25 Maggio 2017

Bevande analcoliche, il contenuto di succo d’arancia sale al 20%

Bevande analcoliche in un certo senso più nutrienti: ci sarà infatti più frutta nelle bibite, grazie allo storico via libera comunitario al provvedimento nazionale che innalza dal 12% al 20% il contenuto di succo d’arancia delle bevande prodotte in Italia e vendute con il nome dell’arancia a succo o recanti denominazioni che, a tale agrume, si richiamino. E' stato finalmente annunciato lo stop alle aranciate senza arance a seguito della pubblicazione nella Gazzetta Ufficiale del 24 maggio della Comunicazione della Presidenza del Consiglio dei Ministri, con cui si rende noto che si è perfezionata positivamente la procedura di notifica alla Commissione Europea dell’articolo 17 della legge n. 161 del 2014.

L’innalzamento del contenuto di succo d’arancia, modifica una norma del 1958 e mira a tutelare la salute dei consumatori adeguandosi ad un contesto programmatico europeo che tende a promuovere un' alimentazione più sana e a diffondere corretti stili alimentari. Alcuni studi hanno posto in evidenza che una bevanda con il 20% di succo di arancia aiuti a soddisfare il fabbisogno giornaliero di vitamina C raccomandato dalle diverse Accademie scientifiche e la sua assunzione veicola un variegato mix di sostanze fitochimiche che possono incidere positivamente sulle difese del sistema immunitario. Con la nuova norma si contribuisce, inoltre, ad offrire il giusto riconoscimento alle bevande di maggior qualità, riducendo l’utilizzo di aromi artificiali e soprattutto di zucchero, la cui elevata concentrazione potrebbe essere utilizzata per sopperire alla minore qualità dei prodotti.
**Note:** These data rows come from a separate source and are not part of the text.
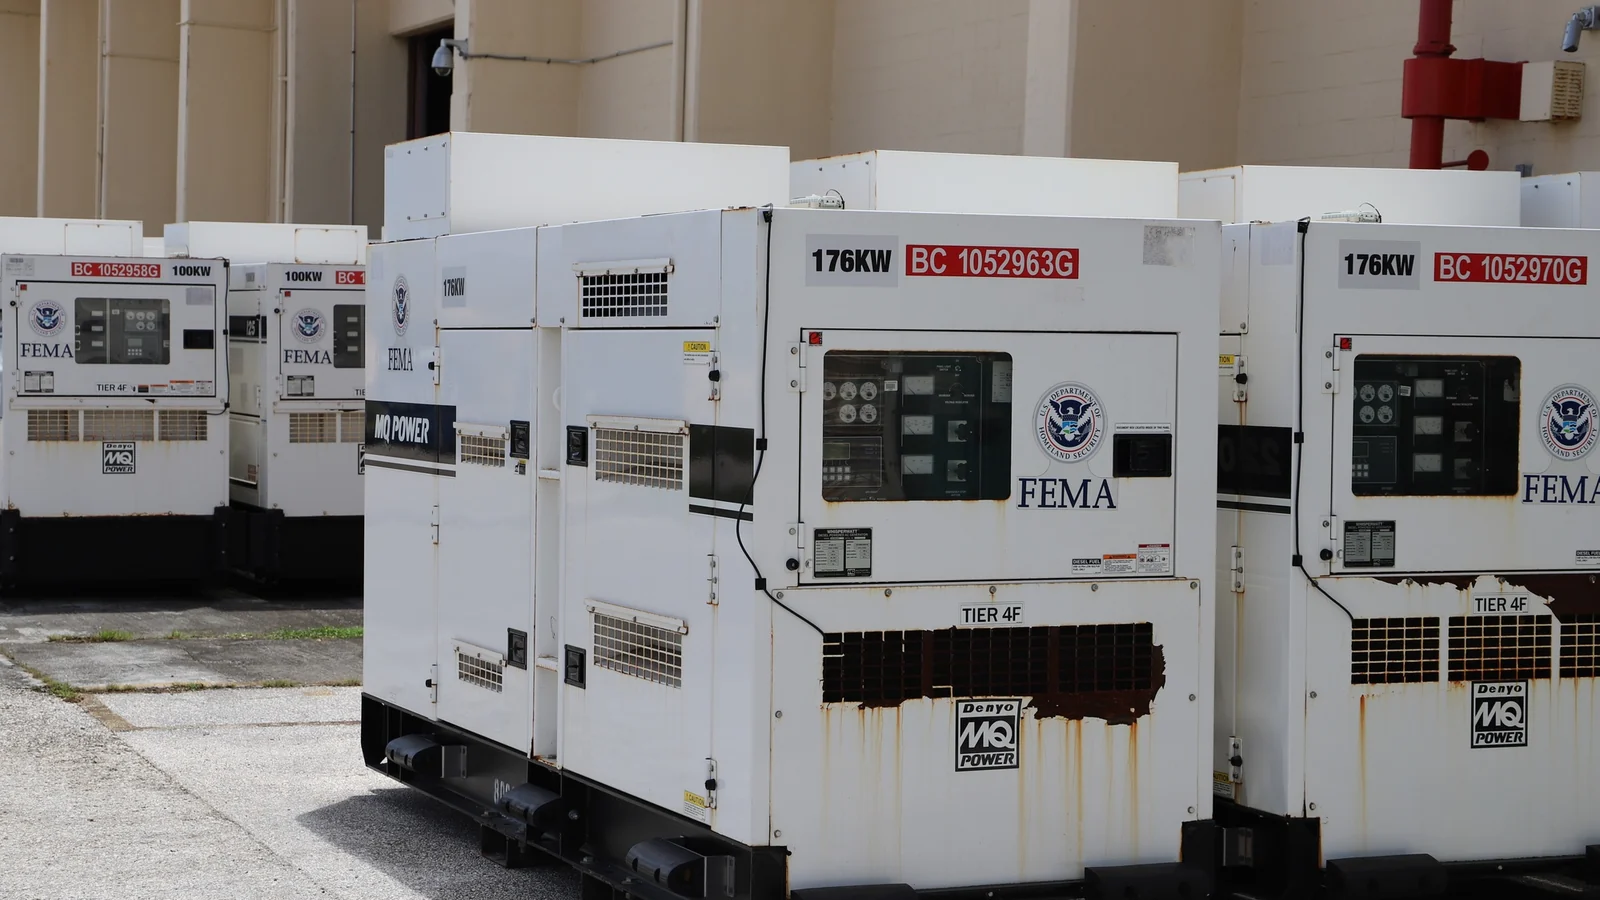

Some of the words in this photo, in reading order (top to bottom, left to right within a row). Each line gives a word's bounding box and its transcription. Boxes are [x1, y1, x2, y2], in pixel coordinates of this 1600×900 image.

[812, 249, 892, 273] 176KW
[911, 247, 948, 274] BC
[958, 248, 1073, 276] 1052963G
[1344, 253, 1415, 276] 176KW
[1439, 254, 1472, 280] BC
[1481, 255, 1582, 283] 1052970G
[74, 264, 93, 276] BC
[98, 264, 159, 277] 1052958G
[172, 265, 211, 276] 100KW
[284, 271, 322, 281] 100KW
[338, 272, 355, 283] BC
[443, 277, 465, 297] 176KW
[20, 342, 74, 358] FEMA
[283, 349, 332, 364] FEMA
[387, 347, 413, 371] FEMA
[97, 384, 115, 392] TIER
[117, 384, 127, 392] 4F
[1040, 403, 1050, 417] U.S.
[1050, 387, 1097, 407] DEPARTMENT
[1094, 408, 1101, 418] OF
[1553, 389, 1594, 409] DEPARTMENT
[1591, 410, 1598, 418] OF
[374, 414, 391, 444] MQ
[392, 415, 430, 444] POWER
[1039, 426, 1070, 459] HOMELAND
[1073, 427, 1101, 459] SECURITY
[1541, 426, 1570, 457] HOMELAND
[1572, 427, 1597, 457] SECURITY
[105, 452, 134, 465] MQ
[1017, 478, 1117, 509] FEMA
[1475, 598, 1507, 612] TIER
[1510, 597, 1527, 611] 4F
[962, 607, 998, 623] TIER
[1002, 606, 1022, 622] 4F
[1477, 684, 1522, 695] Denyo
[962, 703, 1014, 714] Denyo
[1475, 700, 1524, 728] MQ
[960, 720, 1015, 749] MQ
[1475, 731, 1524, 744] POWER
[960, 753, 1015, 767] POWER
Non bisogna dimenticare anche l'impatto economico sulle imprese agricole, perché l'aumento della percentuale di frutta nelle bevande analcoliche potrebbe salvare oltre diecimila ettari di agrumeti italiani, con una estensione equivalente a circa ventimila campi da calcio, situati soprattutto in regioni come la Sicilia e la Calabria. L’aumento della percentuale del contenuto minimo di frutta al 20%, corrisponde all’utilizzo di 200 milioni di chili in più di arance all’anno, con effetti anche dal punto di vista paesaggistico in una situazione in cui una pianta di arance su tre (pari al 31%) è scomparsa in Italia negli ultimi quindici anni. “Un trend drammatico che ha effetti pesanti sul piano economico e occupazionale per le imprese agricole, ma anche dal punto di vista ambientale e per la salute dei consumatori”, ha affermato il presidente di Coldiretti Roberto Moncalvo nel sottolineare che “con la pubblicazione in Gazzetta, inizia un percorso di adeguamento, che alcune importanti aziende produttrici hanno già intrapreso, che dovrà concludersi obbligatoriamente per tutti entro il 6 marzo 2018. Il prossimo passo verso la trasparenza, sarà quello di rendere obbligatoria l’indicazione di origine in etichetta della frutta utilizzata nelle bevande, per impedire di spacciare come Made in Italy,  succhi concentrati importati da Paesi lontani.